子供は、感染症による発熱などの症状により、不快感や不安感を抱いてしまっているかもしれません。そんな子供へ、適切な声掛けをすることで安心感を与えてあげることが出来ますよ。つい、看病の方法にばかり気が向いてしまいがちですが、子供を安心させる適切な声掛けも知っておきましょう。以下では、状況別に声掛けを紹介しています。

【発熱や痛みがあるとき】
苦しいことやつらいことに共感して、子供の不安に寄り添ってあげましょう。
・「お熱つらいね」
・「ここにいるからね」
・「お熱があるのは、ばい菌さんと戦っているからだから大丈夫だよ」
【食事のとき】
水分が十分に摂取出来ていれば、無理に食べなくても良いそうですよ。
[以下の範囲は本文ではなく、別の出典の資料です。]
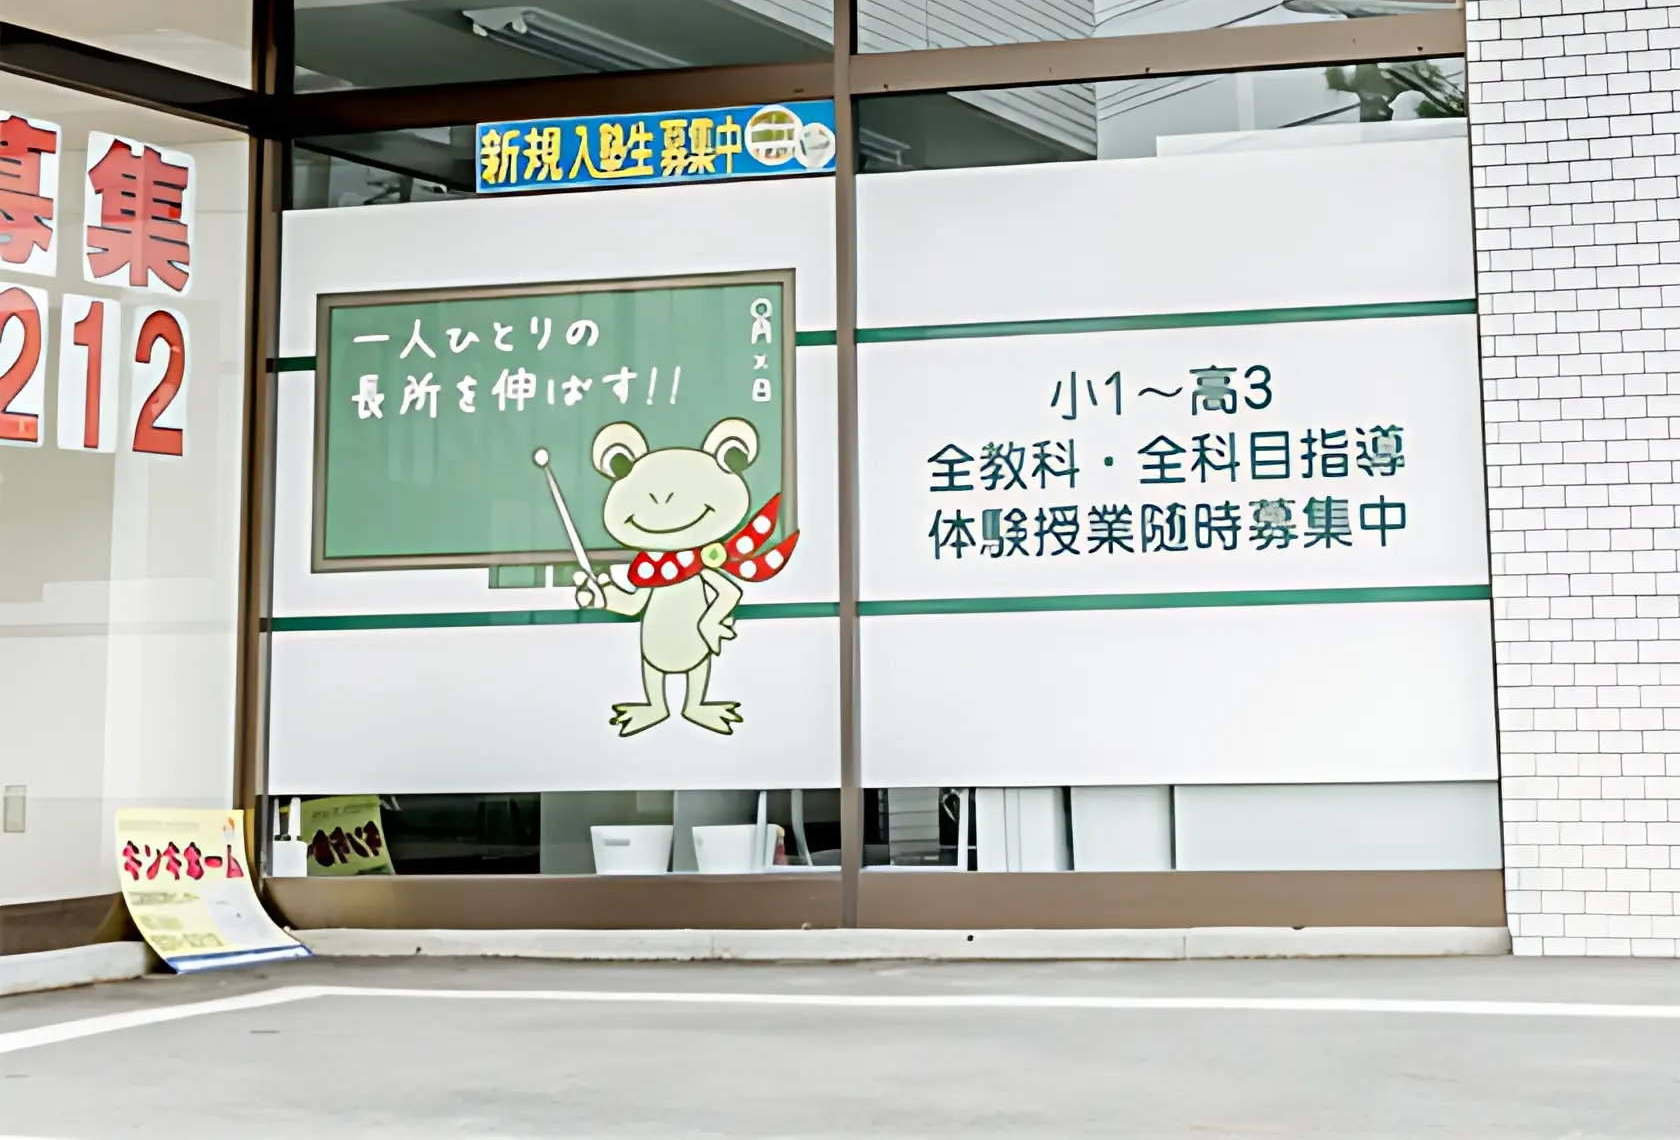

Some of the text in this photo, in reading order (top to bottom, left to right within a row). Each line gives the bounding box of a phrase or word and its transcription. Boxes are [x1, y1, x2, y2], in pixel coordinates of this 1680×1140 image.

[480, 114, 742, 184] 新規入塾生募集中
[353, 316, 600, 359] 一人ひとりの
[928, 496, 1408, 560] 体験授業随時募集中
少しずつ勧めてみましょう。
・「一口だけでもいいよ」
・「ゆっくり食べようね」
・「お腹すいたら食べようね」
【回復のために子供を寝かせるとき】
体調の悪いときは、寝ることが大切です。安心して寝られるような声掛けを意識しましょう。
・「手をにぎっていようか?」
・「たくさん寝ると元気になるからね」
・「おめめを閉じて、お話ししよっか?」

まとめ

感染症対策を徹底して、保育園にいるみんなの健康を守ろう!

いかがでしたか。今回は、保育園で流行しやすい感染症や感染症が広がる原因、感染症対策について紹介しました。感染症が広がる原因を知っておくことで、適切な対策をすることにも繋がります。感染症から子供の健康を守るためには、保育士さん自身の健康管理もしっかりと行っておくことが重要ですよ。また、感染症の流行に備えて保育士さん同士で連携し情報を共有するなどして、緊急時に慌てないようにしておくことも必要ですね。今回の記事で紹介した感染症対策をぜひ実行して、保育園にいるみんなを感染症から守っていきましょう。